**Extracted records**
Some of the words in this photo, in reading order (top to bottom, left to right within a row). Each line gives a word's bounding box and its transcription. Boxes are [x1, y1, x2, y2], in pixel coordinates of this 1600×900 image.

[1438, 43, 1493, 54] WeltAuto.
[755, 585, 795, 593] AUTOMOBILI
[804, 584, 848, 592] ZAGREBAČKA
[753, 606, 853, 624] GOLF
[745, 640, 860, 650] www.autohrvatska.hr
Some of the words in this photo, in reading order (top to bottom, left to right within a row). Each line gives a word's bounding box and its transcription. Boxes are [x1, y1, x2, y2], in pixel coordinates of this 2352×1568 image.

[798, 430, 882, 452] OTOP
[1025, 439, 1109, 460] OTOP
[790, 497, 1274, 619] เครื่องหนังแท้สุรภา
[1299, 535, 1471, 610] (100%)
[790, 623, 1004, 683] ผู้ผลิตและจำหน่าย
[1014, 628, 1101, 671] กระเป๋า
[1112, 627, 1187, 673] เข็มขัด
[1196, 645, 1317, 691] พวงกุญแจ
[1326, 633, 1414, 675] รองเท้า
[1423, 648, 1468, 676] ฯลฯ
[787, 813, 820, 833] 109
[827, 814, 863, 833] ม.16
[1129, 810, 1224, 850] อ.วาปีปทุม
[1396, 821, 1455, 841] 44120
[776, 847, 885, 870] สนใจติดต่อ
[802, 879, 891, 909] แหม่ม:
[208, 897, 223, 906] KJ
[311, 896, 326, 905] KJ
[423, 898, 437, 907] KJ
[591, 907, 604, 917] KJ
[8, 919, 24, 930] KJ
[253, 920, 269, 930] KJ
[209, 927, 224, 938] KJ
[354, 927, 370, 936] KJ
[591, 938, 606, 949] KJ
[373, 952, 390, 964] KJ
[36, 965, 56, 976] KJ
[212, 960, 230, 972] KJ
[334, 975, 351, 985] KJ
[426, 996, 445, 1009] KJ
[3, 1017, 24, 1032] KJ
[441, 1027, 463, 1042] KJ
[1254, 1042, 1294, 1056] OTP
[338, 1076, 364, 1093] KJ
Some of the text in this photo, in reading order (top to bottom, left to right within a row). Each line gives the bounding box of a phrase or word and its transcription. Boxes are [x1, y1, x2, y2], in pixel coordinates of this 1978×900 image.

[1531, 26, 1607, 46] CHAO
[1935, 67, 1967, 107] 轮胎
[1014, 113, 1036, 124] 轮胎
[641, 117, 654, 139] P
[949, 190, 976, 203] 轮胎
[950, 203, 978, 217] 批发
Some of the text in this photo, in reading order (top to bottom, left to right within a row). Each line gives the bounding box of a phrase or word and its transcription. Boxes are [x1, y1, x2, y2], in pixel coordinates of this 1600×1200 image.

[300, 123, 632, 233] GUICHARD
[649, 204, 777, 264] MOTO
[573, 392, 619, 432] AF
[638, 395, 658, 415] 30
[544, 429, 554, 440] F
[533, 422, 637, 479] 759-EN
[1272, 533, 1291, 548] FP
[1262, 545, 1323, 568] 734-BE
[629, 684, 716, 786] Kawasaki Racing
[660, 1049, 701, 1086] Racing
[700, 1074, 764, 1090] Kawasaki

**WHAT YOU ARE ASKED TO DO**
Your answer must be an exact copy of every record.

**SOLUTION TO THE EXERCISE**
Some of the words in this photo, in reading order (top to bottom, left to right within a row). Each line gives a word's bounding box and its transcription. Boxes are [x1, y1, x2, y2], in pixel coordinates of this 1600×900 image.

[1438, 43, 1493, 54] WeltAuto.
[755, 585, 795, 593] AUTOMOBILI
[804, 584, 848, 592] ZAGREBAČKA
[753, 606, 853, 624] GOLF
[745, 640, 860, 650] www.autohrvatska.hr
Some of the words in this photo, in reading order (top to bottom, left to right within a row). Each line gives a word's bounding box and its transcription. Boxes are [x1, y1, x2, y2], in pixel coordinates of this 2352×1568 image.

[798, 430, 882, 452] OTOP
[1025, 439, 1109, 460] OTOP
[790, 497, 1274, 619] เครื่องหนังแท้สุรภา
[1299, 535, 1471, 610] (100%)
[790, 623, 1004, 683] ผู้ผลิตและจำหน่าย
[1014, 628, 1101, 671] กระเป๋า
[1112, 627, 1187, 673] เข็มขัด
[1196, 645, 1317, 691] พวงกุญแจ
[1326, 633, 1414, 675] รองเท้า
[1423, 648, 1468, 676] ฯลฯ
[787, 813, 820, 833] 109
[827, 814, 863, 833] ม.16
[1129, 810, 1224, 850] อ.วาปีปทุม
[1396, 821, 1455, 841] 44120
[776, 847, 885, 870] สนใจติดต่อ
[802, 879, 891, 909] แหม่ม:
[208, 897, 223, 906] KJ
[311, 896, 326, 905] KJ
[423, 898, 437, 907] KJ
[591, 907, 604, 917] KJ
[8, 919, 24, 930] KJ
[253, 920, 269, 930] KJ
[209, 927, 224, 938] KJ
[354, 927, 370, 936] KJ
[591, 938, 606, 949] KJ
[373, 952, 390, 964] KJ
[36, 965, 56, 976] KJ
[212, 960, 230, 972] KJ
[334, 975, 351, 985] KJ
[426, 996, 445, 1009] KJ
[3, 1017, 24, 1032] KJ
[441, 1027, 463, 1042] KJ
[1254, 1042, 1294, 1056] OTP
[338, 1076, 364, 1093] KJ
Some of the text in this photo, in reading order (top to bottom, left to right within a row). Each line gives the bounding box of a phrase or word and its transcription. Boxes are [x1, y1, x2, y2], in pixel coordinates of this 1978×900 image.

[1531, 26, 1607, 46] CHAO
[1935, 67, 1967, 107] 轮胎
[1014, 113, 1036, 124] 轮胎
[641, 117, 654, 139] P
[949, 190, 976, 203] 轮胎
[950, 203, 978, 217] 批发
Some of the text in this photo, in reading order (top to bottom, left to right within a row). Each line gives the bounding box of a phrase or word and its transcription. Boxes are [x1, y1, x2, y2], in pixel coordinates of this 1600×1200 image.

[300, 123, 632, 233] GUICHARD
[649, 204, 777, 264] MOTO
[573, 392, 619, 432] AF
[638, 395, 658, 415] 30
[544, 429, 554, 440] F
[533, 422, 637, 479] 759-EN
[1272, 533, 1291, 548] FP
[1262, 545, 1323, 568] 734-BE
[629, 684, 716, 786] Kawasaki Racing
[660, 1049, 701, 1086] Racing
[700, 1074, 764, 1090] Kawasaki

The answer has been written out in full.